START Data for processing

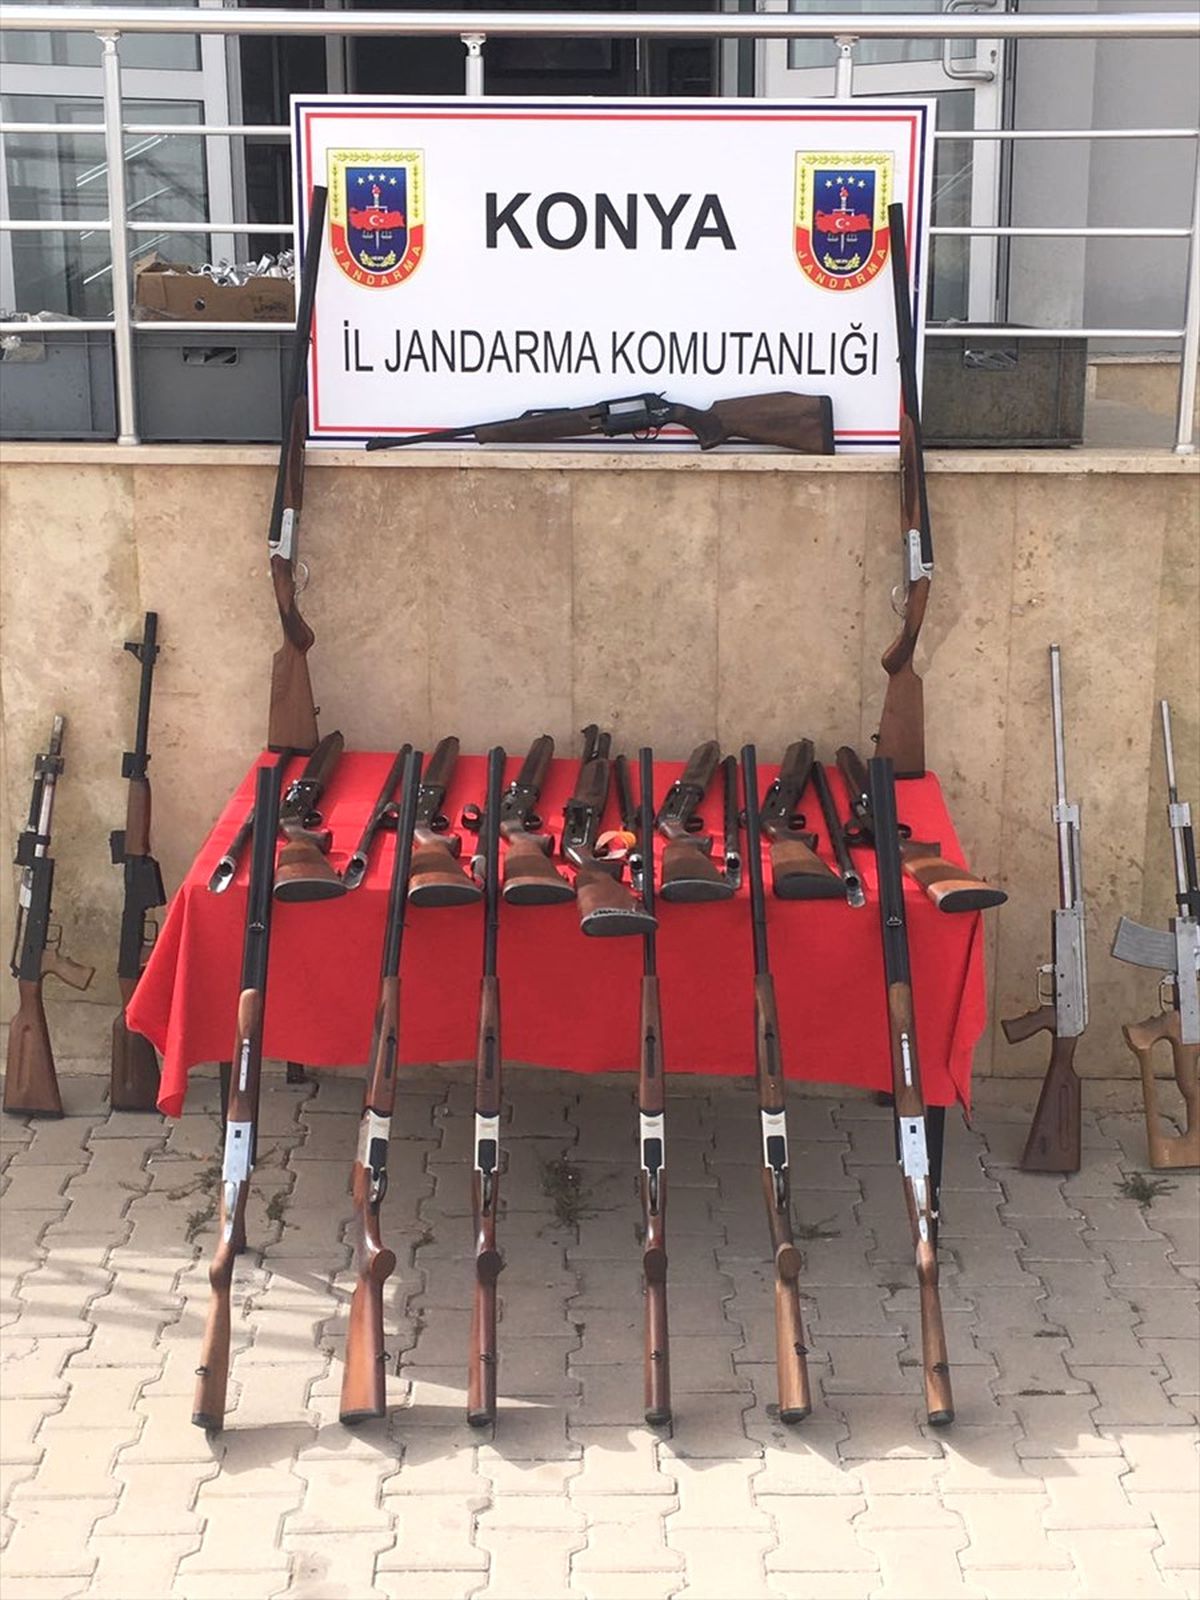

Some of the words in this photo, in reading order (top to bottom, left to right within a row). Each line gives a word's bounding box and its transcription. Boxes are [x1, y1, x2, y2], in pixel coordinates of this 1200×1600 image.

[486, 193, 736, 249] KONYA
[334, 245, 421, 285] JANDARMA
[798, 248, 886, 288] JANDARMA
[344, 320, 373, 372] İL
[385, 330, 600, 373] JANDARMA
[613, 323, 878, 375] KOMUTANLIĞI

END Data for processing

What is needed — Set down every record once more, word for word, without pictures.

Solution for this problem —
Some of the words in this photo, in reading order (top to bottom, left to right within a row). Each line gives a word's bounding box and its transcription. Boxes are [x1, y1, x2, y2], in pixel coordinates of this 1200×1600 image.

[486, 193, 736, 249] KONYA
[334, 245, 421, 285] JANDARMA
[798, 248, 886, 288] JANDARMA
[344, 320, 373, 372] İL
[385, 330, 600, 373] JANDARMA
[613, 323, 878, 375] KOMUTANLIĞI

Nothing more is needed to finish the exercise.